Reading Online Novel

The Carbon Murder(3)



Our waitress, who’d come back to give me a fresh espresso from the coffee bar, heard that remark, too, I noticed. Her narrow, penciled-in eyebrows went up a few degrees of arc, generating tiny, fleshy waves across her forehead. If you have extra guys after you, send them to me, her look said.

“A woman named Lorna Frederick left a message for me this morning,” MC said. “She’s a project leader at Charger Street. Her name is familiar to me. I think she’s an equestrian, like my boyfr … uh, friend … Jake Powers. Do you know her?”

I understood why MC didn’t want to talk about an ex-boyfriend. No one in Revere had ever met him, but she’d hinted that it hadn’t been a happy breakup.

I shook my head. “I don’t think I’ve ever heard the name.” The Charger Street lab, an R&D institution with government funding, was almost as large as the Berkeley University Laboratory in California, where I’d spent my career. Charger Street was technically a division of the Massachusetts University Department of Physics, with its main campus in Boston. I remembered a good laugh when my Berkeley friend, Elaine Cody, a tech editor at BUL, noted that I’d gone from BUL to MUD.

“So I guess you’re deciding between research and teaching?” I asked MC.

She nodded. “I’m torn, Aunt G. I loved the one class I taught, but I don’t know if I can give up research entirely. And Charger Street is working on very interesting projects, too, some really new carbon nanotechnology, which is like an extension of what I was doing, and what I’m most interested in.”

“At least she’s out of the oil business,” Rose said. “I’d rather tell people my daughter is a teacher, or she’s doing research, finding a cure for cancer. And look, she’s so famous, they know about her clear across the country.”

“Everyone knows everyone in the field, Mom,” MC said, smiling at her slip of the tongue, and at her mother’s pride in her. “It’s all part of doing research, Ma. I met a lot of the Massachusetts people at conferences.”

I nodded, knowing how it worked. When I was experimenting with titanium dioxide, I knew every person in the world who had a similar crystal, how powerful their laser was, and how far they’d progressed in characterizing the crystal coefficients.

MC turned to me. “You’ll love this, Aunt G. I got involved a little in buckyballs, and that kind of fun stuff, and even had one of my students do a paper on it.”

“Buckyballs! Pure carbon!”

While my eyes lit up, Rose rolled hers.

“You two and your science. But let’s not forget that the Charger Street lab has been a den of crime lately.”

I winced at Rose’s reference to my new career as a consultant to the Revere Police Department. Retired from physics—good, clean work, as my father had called it—I’d fallen into police work, helping the RPD with science-related cases. And many of those cases had involved the staff at the Charger Street lab as either vics or perps, in cop talk.

“Speaking of teaching—” Rose said. She paused for our laughter at her creative segue, then went on. “Mrs. Cataldo, your old high school chemistry teacher, was asking for you, MC. I told her you were coming home, and she’d love to see you. She’s at the senior care center on Pearce Street.”

“We should both visit her,” I said to MC. “Although I think she gave you better grades.”

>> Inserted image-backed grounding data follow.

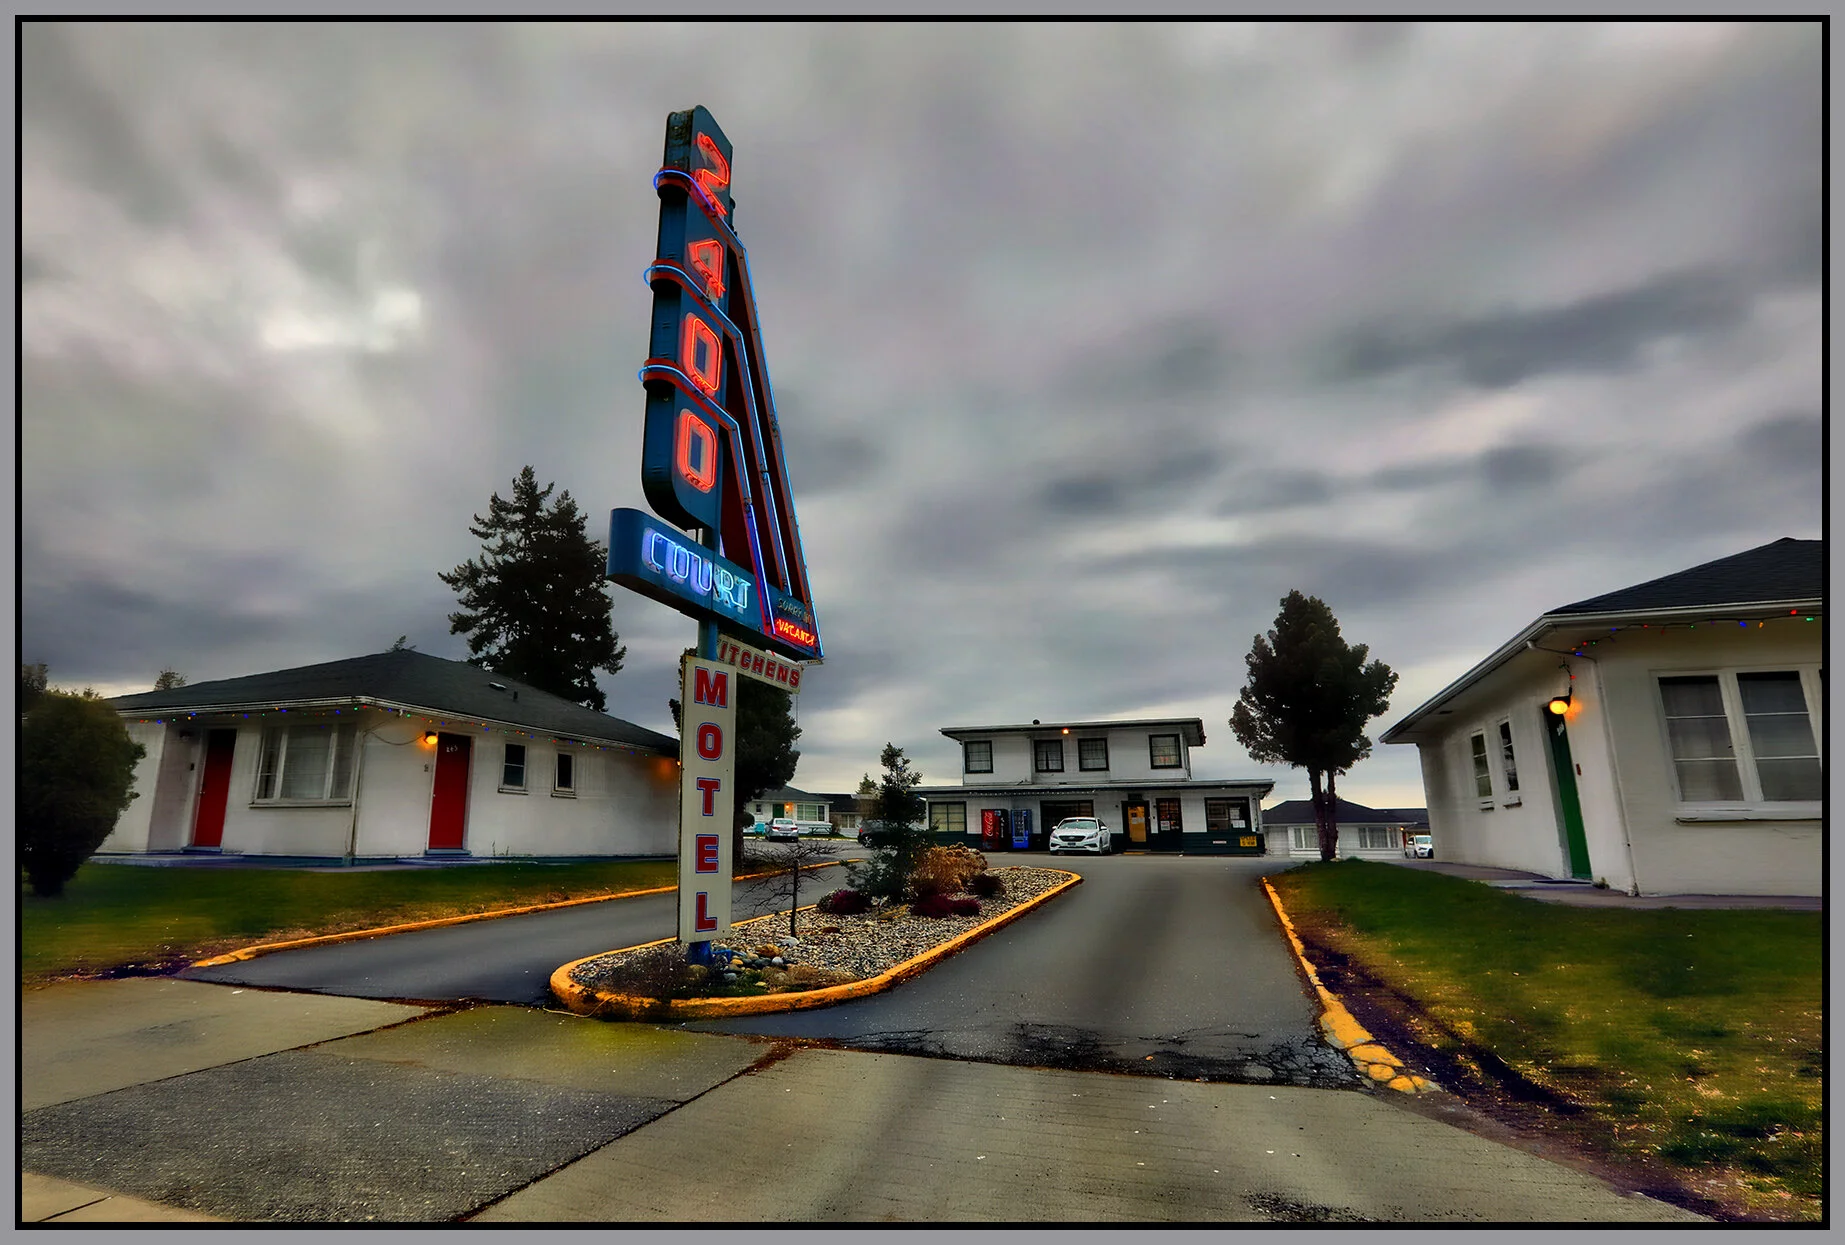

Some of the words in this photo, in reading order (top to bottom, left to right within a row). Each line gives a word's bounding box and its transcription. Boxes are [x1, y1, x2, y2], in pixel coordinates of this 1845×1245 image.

[676, 131, 731, 494] 2400
[641, 526, 752, 615] COURT
[777, 598, 803, 618] SORRY
[717, 639, 801, 689] ITCHENS
[694, 666, 728, 932] MOTEL

“That’s because she was only ninety years old, and still sharp, when you had her. By the time my class came along, she was a hundred and fifty and only giving As.”

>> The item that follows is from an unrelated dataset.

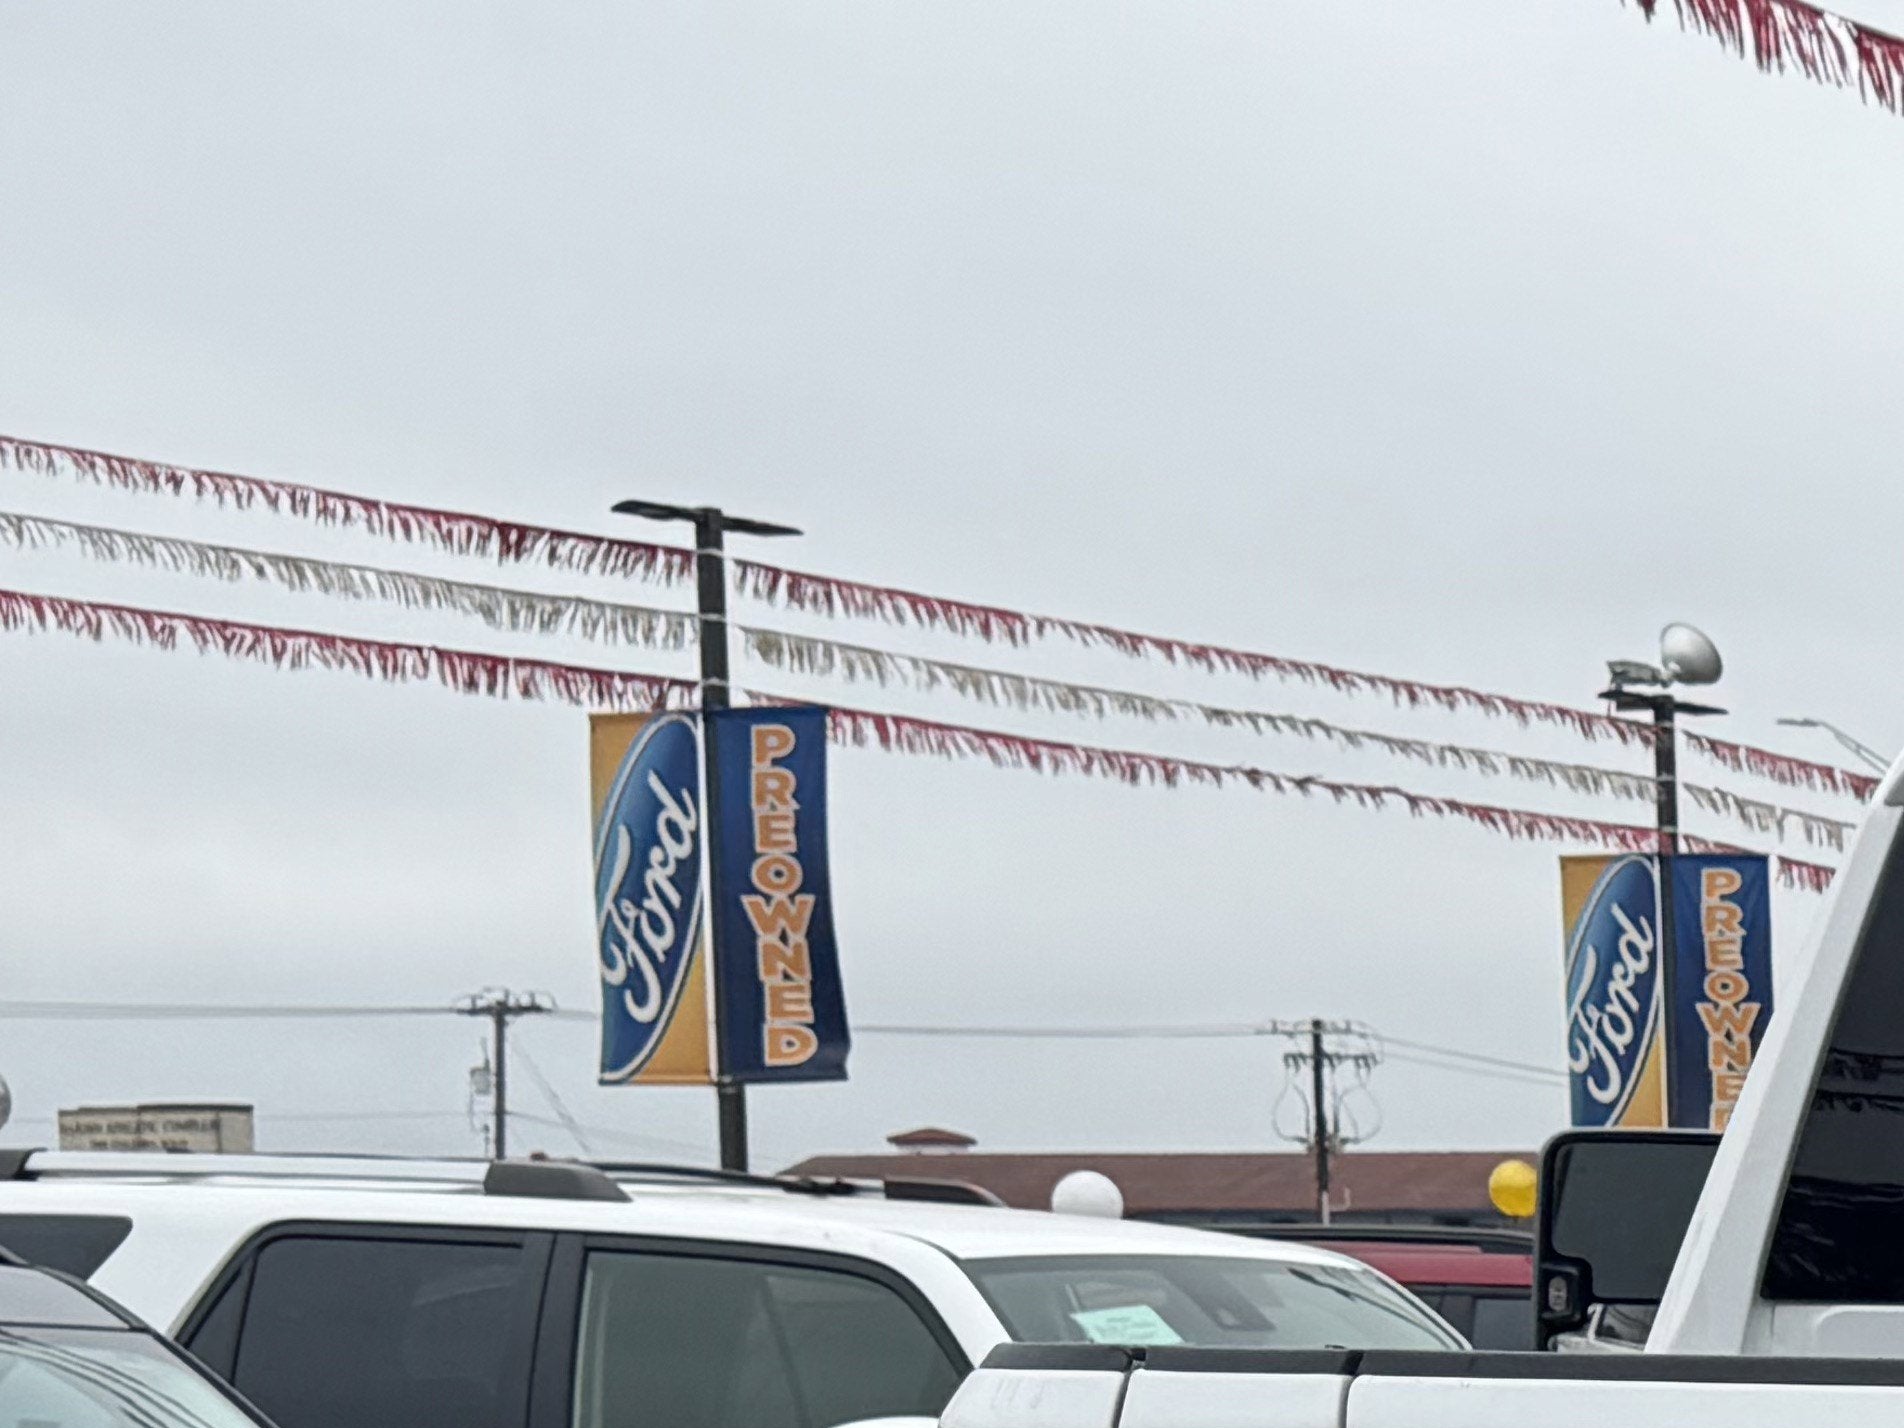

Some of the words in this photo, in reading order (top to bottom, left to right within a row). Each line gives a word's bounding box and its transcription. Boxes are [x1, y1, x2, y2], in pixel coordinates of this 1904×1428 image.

[599, 769, 698, 1024] Ford
[741, 724, 818, 1067] PREOWNED
[1569, 903, 1654, 1104] Ford

MC had the same smile as her mother, the same high-pitched voice, and I was thrilled to be with them both. Magnificent fall leaves outside and my two favorite women inside.

What could go wrong?

Nothing. Until Rose excused herself to go to the rest room. Once she’d slipped gracefully out of the booth, I hoped MC and I could sneak in a few words about buckyballs.

I pictured the buckyball molecule, made up of sixty carbon atoms, folded over into a soccer-ball shape, one atom on each “corner” of the soccer ball. After reading articles on the new material, I’d spent some time trying to think up a non-sports metaphor for the configuration. Maybe MC had some ideas.

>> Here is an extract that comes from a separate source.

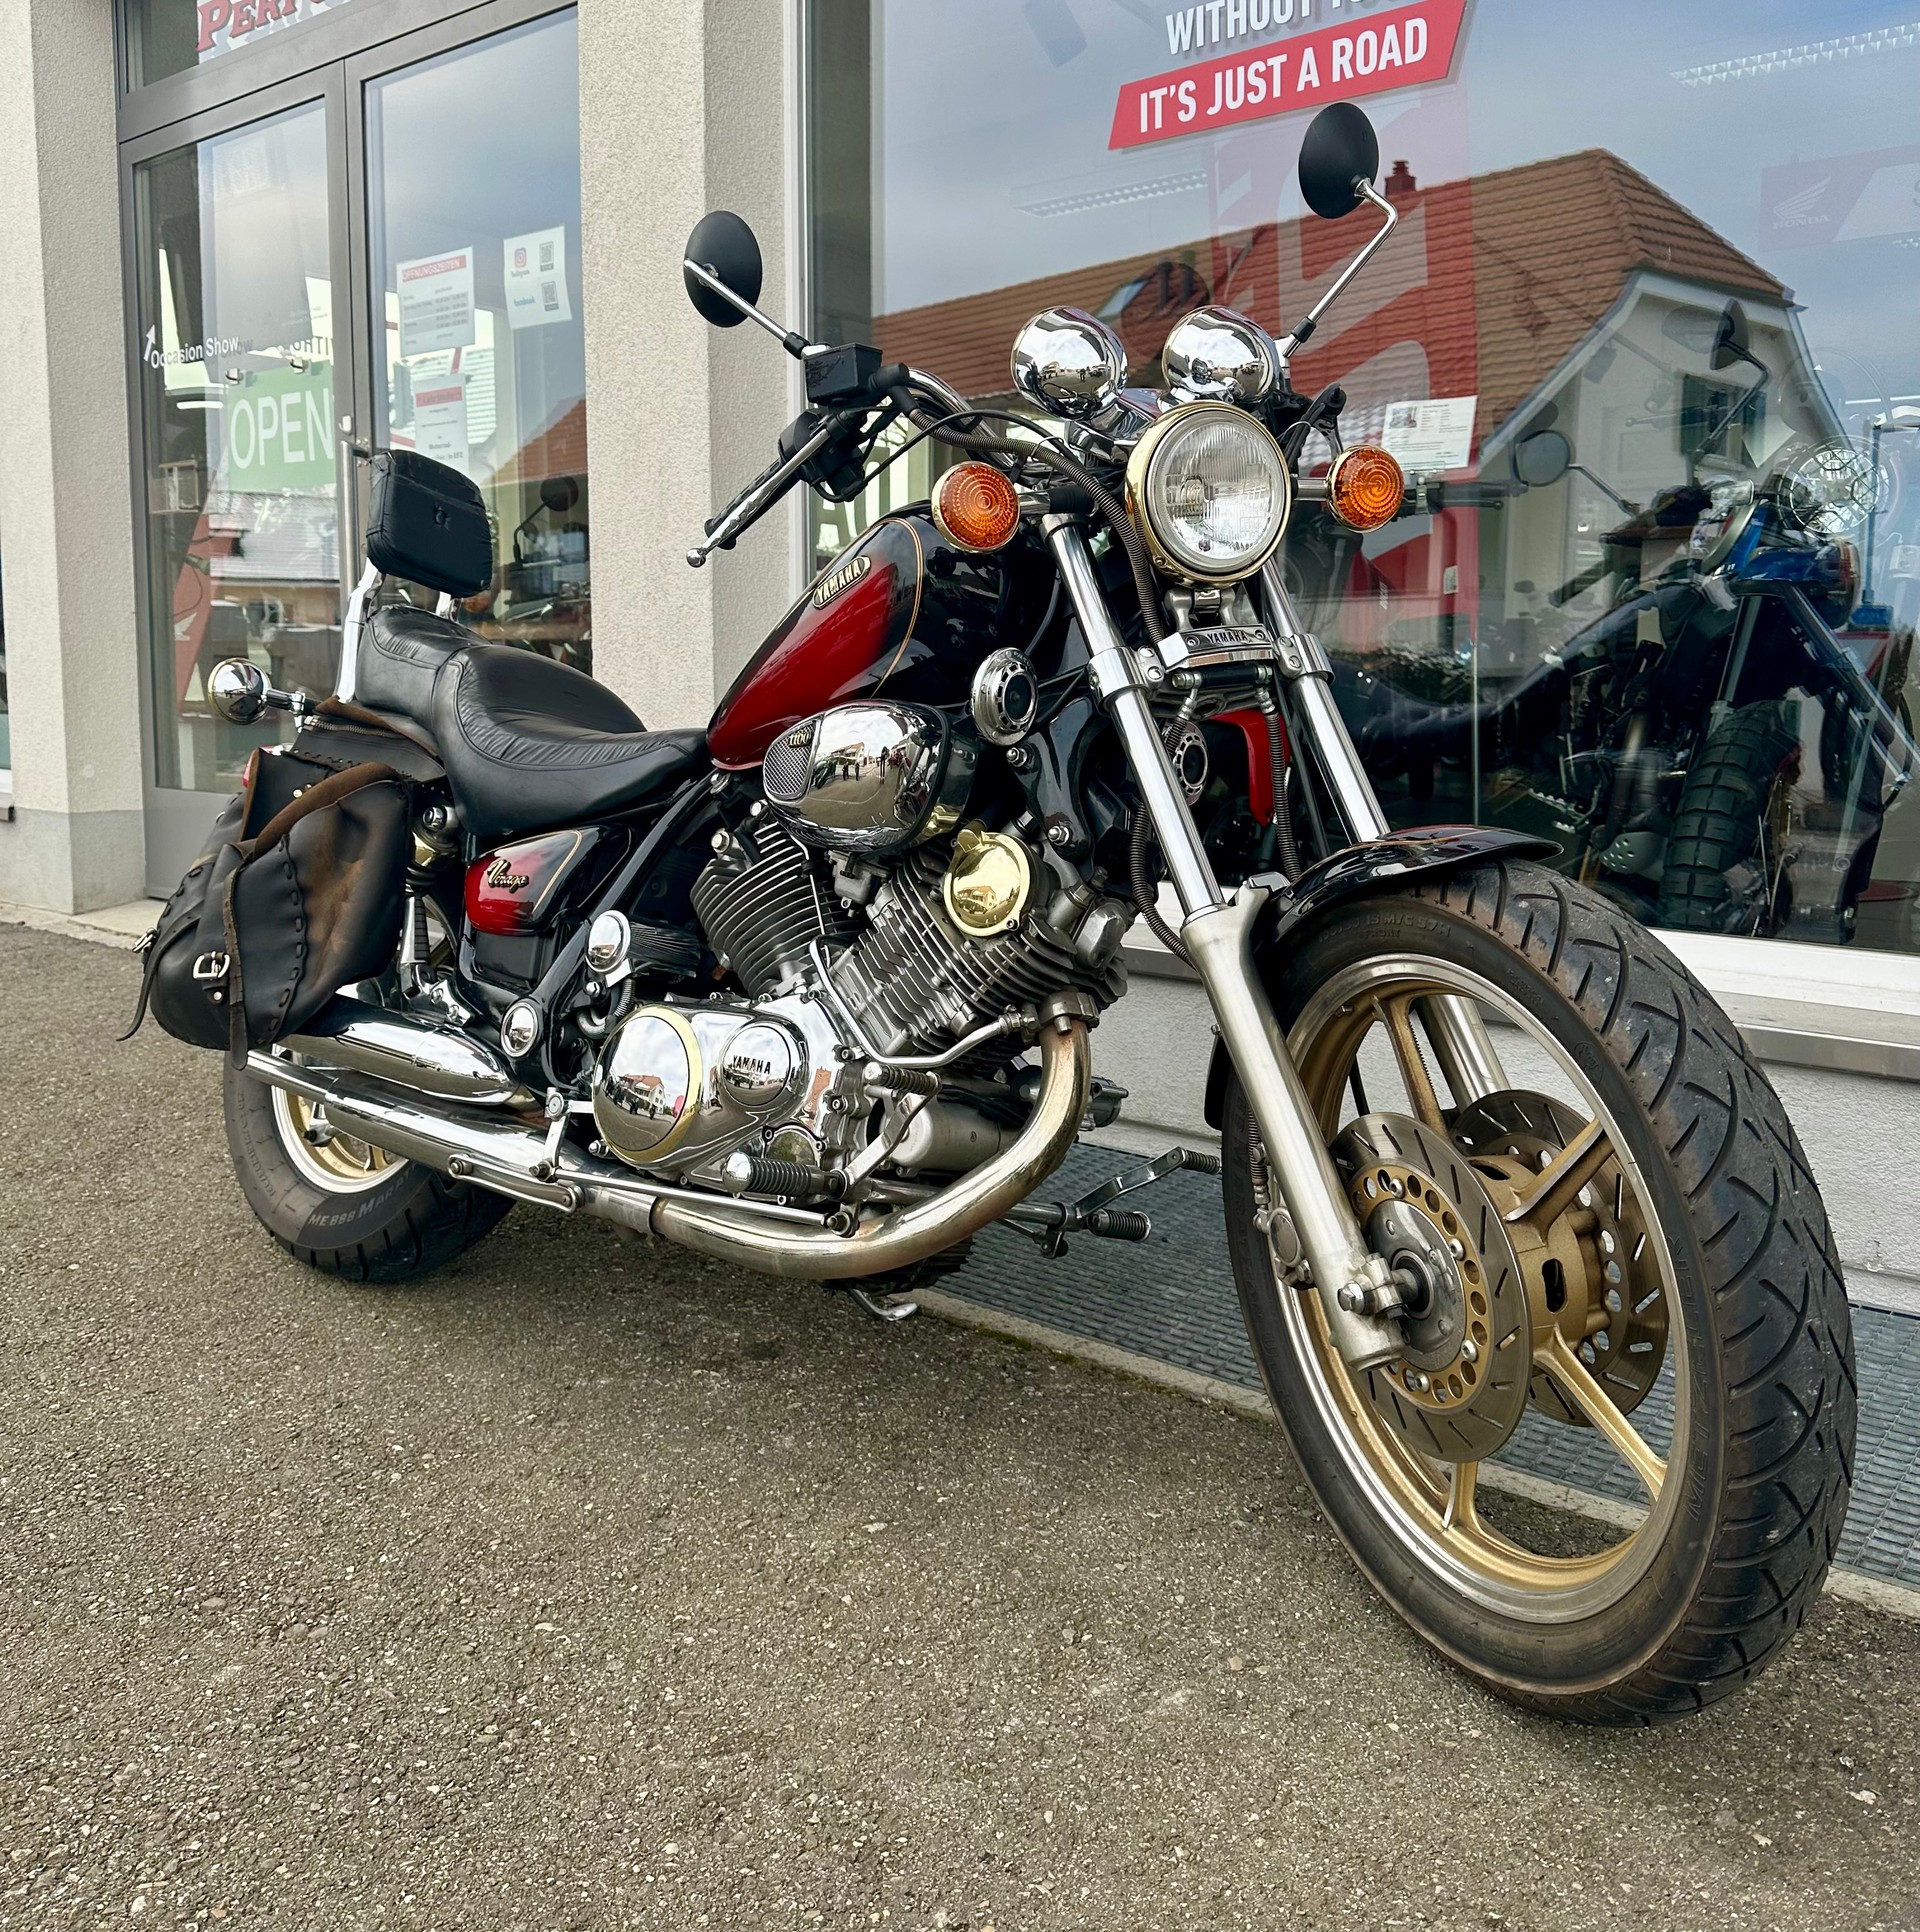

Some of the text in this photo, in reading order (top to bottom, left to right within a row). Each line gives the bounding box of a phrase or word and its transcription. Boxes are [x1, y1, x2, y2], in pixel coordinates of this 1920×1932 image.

But I knew I had to address more personal matters first.

“Is something wrong, MC? You seem a little distracted.” MC pulled her shoulders up, her neck almost disappearing into the ribbing of her gray TEXAS THE LONE STAR STATE sweatshirt. “Or are you just bored with the over-fifty crowd?” I asked, to give her a way out of talking if she needed one.

She leaned over and spoke softly, a catch in her voice. She pulled the sleeves of her sweatshirt down over her hands, further emphasizing her waif-like appearance.